Rodrigo Lara fija límites al Congreso: no dará el ICBF ni el Sena como cuotas

Hace 2 horas

Rodrigo Lara anunció que su manejo del Ministerio del Interior estará marcado por la transparencia y por el rechazo a repartir entidades como el ICBF y el Sena entre cuotas políticas. La señal es clara: el Gobierno quiere negociar en el Congreso sin ceder el control de instituciones clave.

Rodrigo Lara puso una línea roja antes de asumir el pulso político con el Congreso: no entregará el ICBF ni el Sena como moneda de cambio para conseguir apoyos legislativos. El designado ministro del Interior aseguró que su estrategia se apoyará en la transparencia, en mecanismos de supervisión y en una relación con el Legislativo que, según su planteamiento, no pase por la repartija burocrática que históricamente ha contaminado la política colombiana.

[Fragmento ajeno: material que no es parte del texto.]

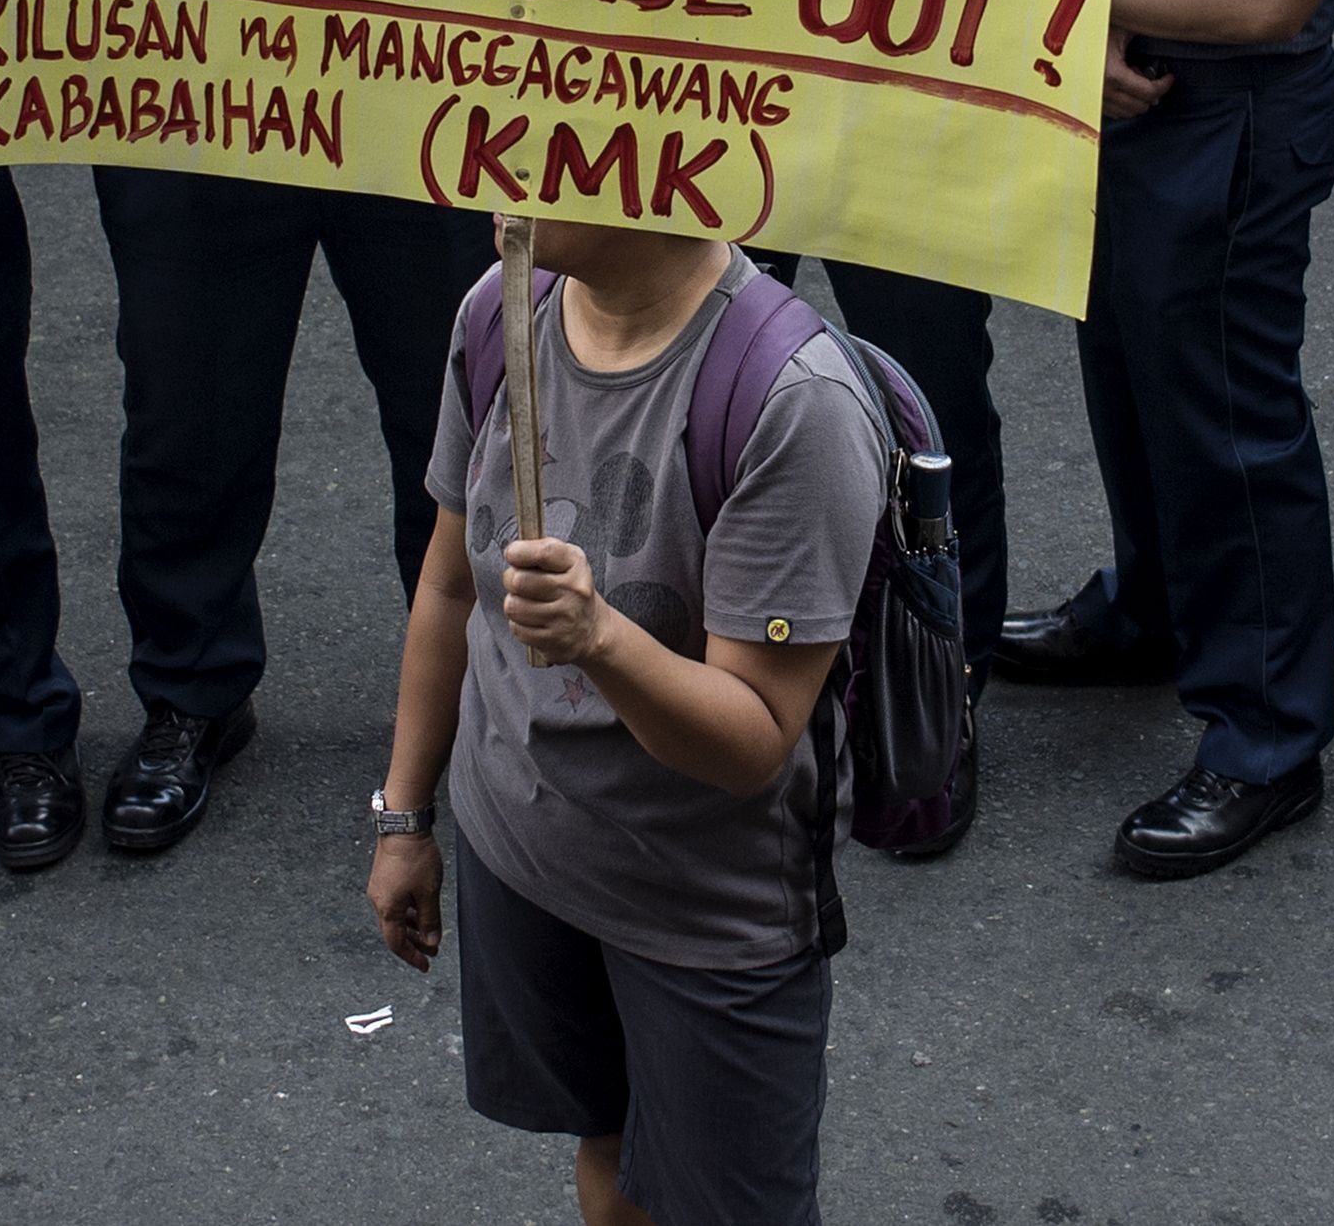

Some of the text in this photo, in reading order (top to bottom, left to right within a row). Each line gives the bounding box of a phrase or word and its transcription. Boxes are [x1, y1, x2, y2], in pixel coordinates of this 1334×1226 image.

La definición llega en un momento en que el Gobierno necesita construir mayorías para sacar adelante sus iniciativas y, al mismo tiempo, responder a una ciudadanía cada vez más desconfiada de los acuerdos entre élites políticas. De acuerdo con lo informado por infobae colombia, Lara insistió en que los proyectos impulsados desde el Ejecutivo estarán sometidos a control y vigilancia, una forma de marcar distancia frente a prácticas tradicionales de negociación que suelen traducirse en cuotas, cargos y favores. En otras palabras, busca enviar el mensaje de que habrá diálogo con el Congreso, pero no a cualquier precio.

Lo que está en juego va más allá de una discusión interna de gabinete. El ICBF y el Sena son dos de las instituciones más sensibles para la vida cotidiana de millones de colombianos: la primera por su papel en la protección de la niñez y las familias, y la segunda por su peso en la formación para el trabajo y la movilidad social. Por eso, cuando un ministro dice que no las pondrá sobre la mesa para contentar a los llamados politiqueros, el debate toca una herida de fondo del Estado colombiano: la captura de entidades públicas por intereses partidistas. Si esa promesa se cumple, el Gobierno podría intentar un modelo de negociación menos transaccional; si no, terminará enfrentando el mismo desgaste que han sufrido otras administraciones cuando prometieron romper con la vieja política y acabaron atrapadas en ella.

La prueba real no estará en el discurso sino en la práctica legislativa de las próximas semanas. Allí se verá si el Ejecutivo logra traducir su promesa de transparencia en una coalición con reglas claras o si la necesidad de gobernabilidad lo empuja, otra vez, a ceder espacios sensibles. Para la opinión pública, el asunto importa porque de esa definición depende no solo la suerte de un paquete de reformas, sino la credibilidad de un Gobierno que dice querer cambiar la manera de hacer política en Colombia.